There are also two types of eaves, straight or curved. For growing, one type is as good as the other, but your home may be more enhanced by straight eaves than by the curved type, and this will help you to decide. However, curved eaves have a softer look that may blend with your architecture instead of appearing to be a stark addition to it. The choice here is really your personal preference.
As a rule, hobby greenhouses are prefabricated, usually in maintenance-free aluminum, though some West Coast firms make models of redwood. Both kinds are structurally designed for the do-it-yourself gardener and, of course, they cost less than custom-built models. Folks handy with tools can assemble one of these prefabricated greenhouses in a few weekends, or a local contractor can erect it for you at a reasonable cost. Greenhouses are delivered ready for installation, but most manufacturers recommend that masonry, plumbing, and electrical work be done by professionals.
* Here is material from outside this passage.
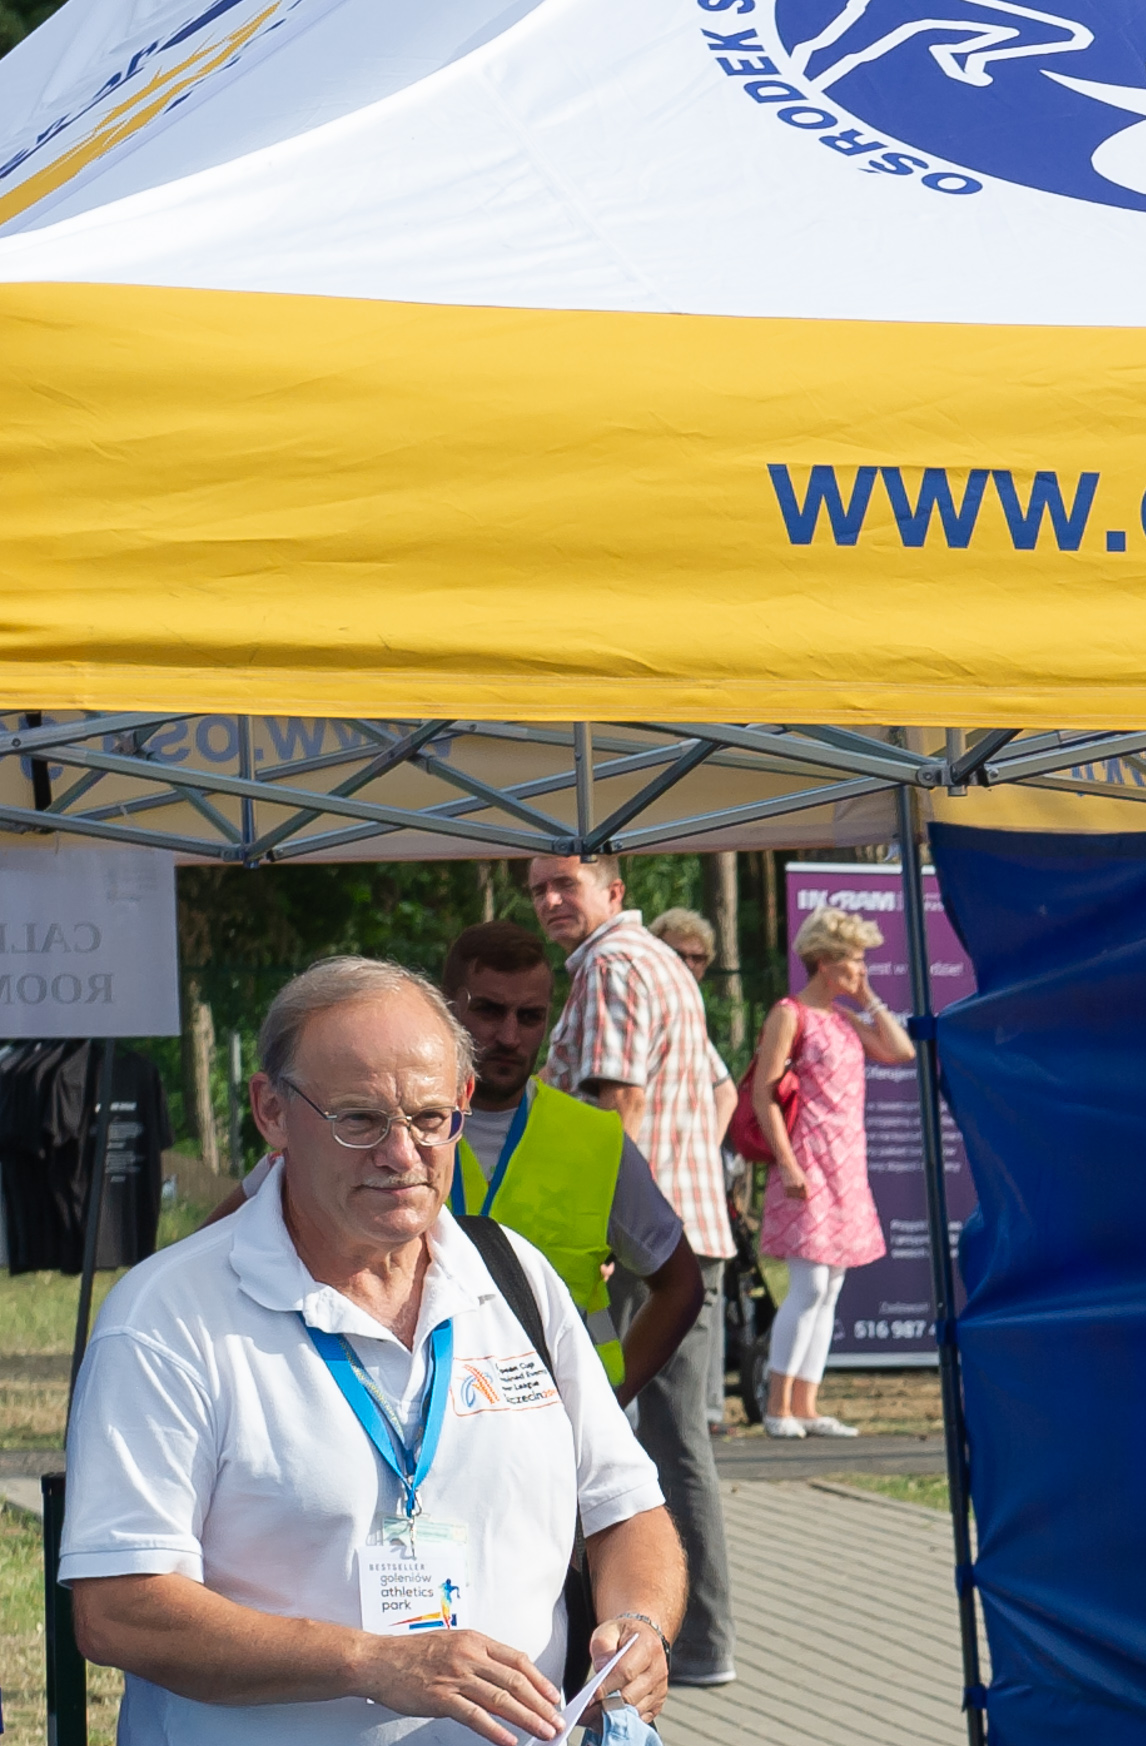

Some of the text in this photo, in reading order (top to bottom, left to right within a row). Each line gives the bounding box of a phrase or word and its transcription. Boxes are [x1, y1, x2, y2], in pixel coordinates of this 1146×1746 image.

[700, 28, 984, 195] OŚRODEK
[369, 1563, 425, 1572] BESTSELLER
[381, 1586, 434, 1598] athletics
[382, 1599, 412, 1613] park
An ideal hobby greenhouse includes wide sections of glass for maximum transmission of sunlight, a system of condensation control to prevent unsightly accumulation of moisture on structural members (and an eventual unhealthy dripping onto plants and fixtures), and regulated roof ventilation to provide the very best growing conditions. Glazing may use standard putty or modern vinyl plastics (called dry glazing), depending on the manufacturer. Keep in mind that heat loss through inadequate glazing can be costly.
Manufacturers recommend south, southeast, or southwest exposures for attached even-span or lean-to greenhouses, a south exposure being the best. A west exposure is acceptable if no other location is available, but summer shade is essential to protect delicate plants from the burning rays of the afternoon sun.
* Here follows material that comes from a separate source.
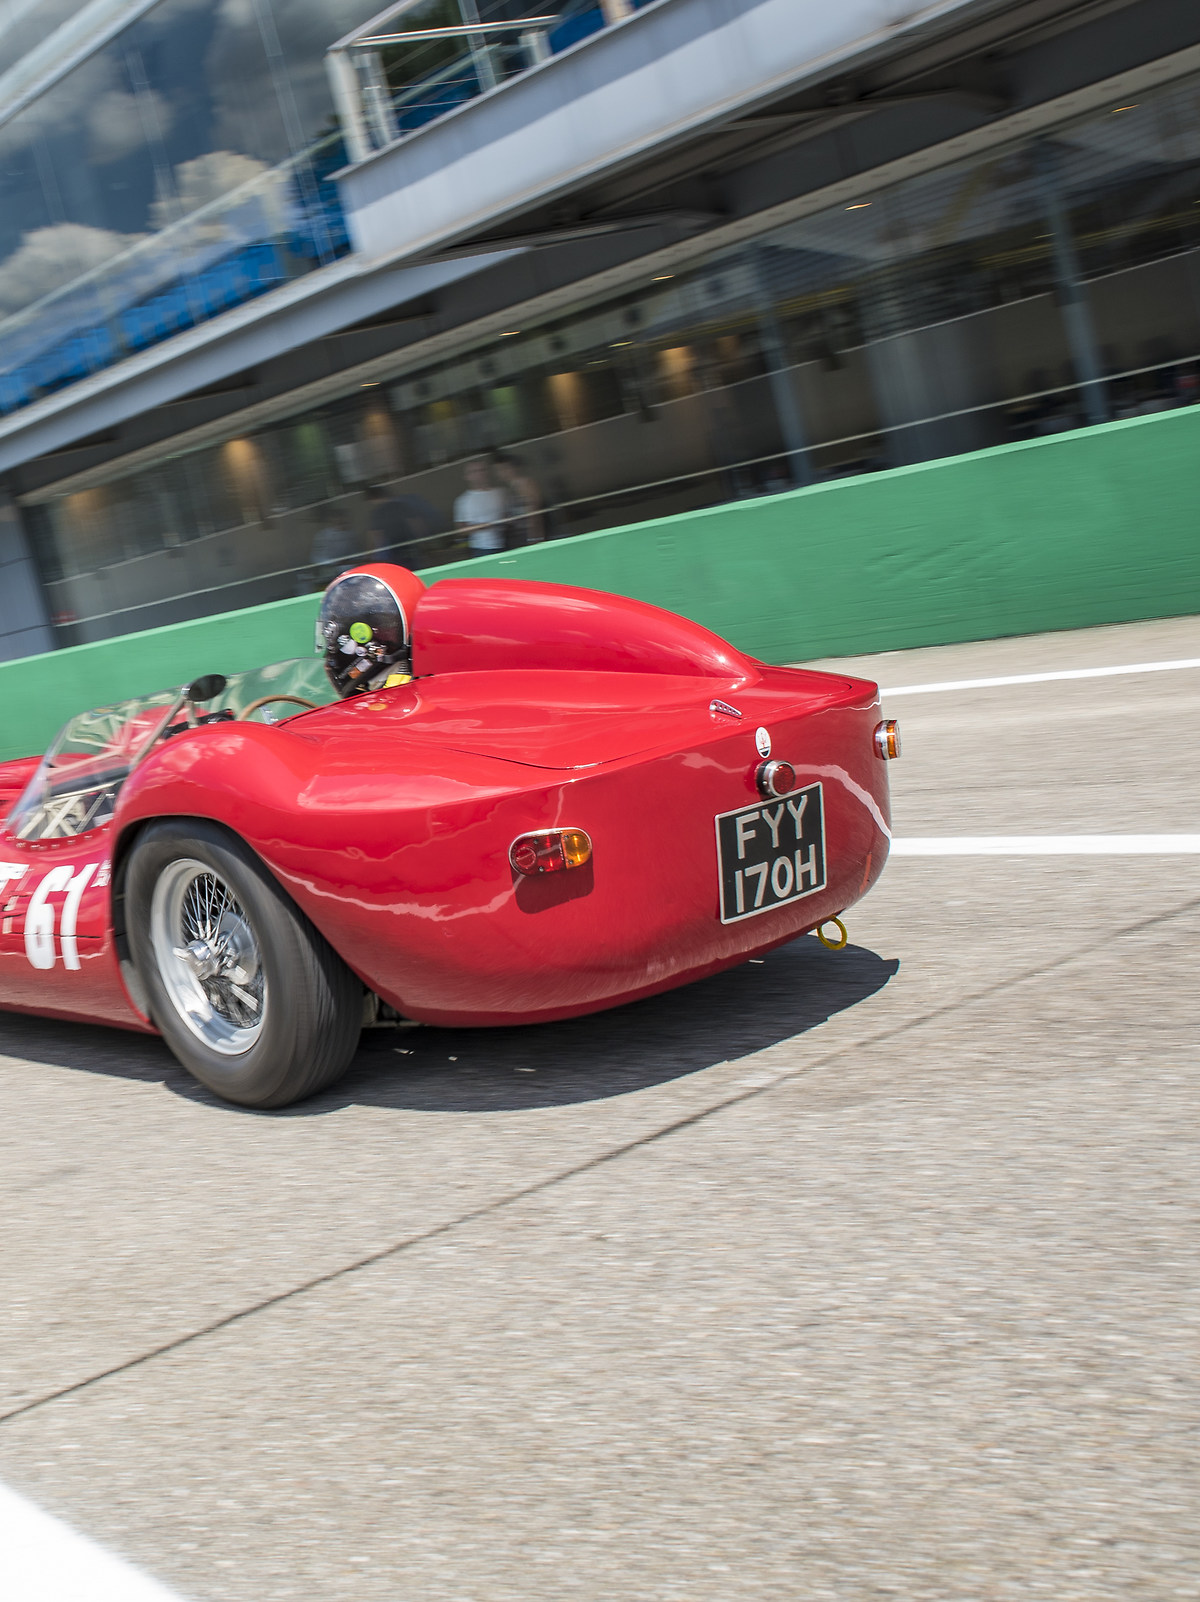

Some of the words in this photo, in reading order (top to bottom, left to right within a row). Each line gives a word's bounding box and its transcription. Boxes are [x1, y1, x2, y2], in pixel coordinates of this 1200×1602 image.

If the only spot you have for your greenhouse faces north, do not give up the idea of a winter garden. Foliage plants grow well without direct sun, and shade-loving plants such as African-violets and orchids also thrive in such an exposure provided it is fully light. (A north-facing greenhouse could include fluorescent lights for sun-loving plants.) However, heating costs are higher in a greenhouse with a north exposure.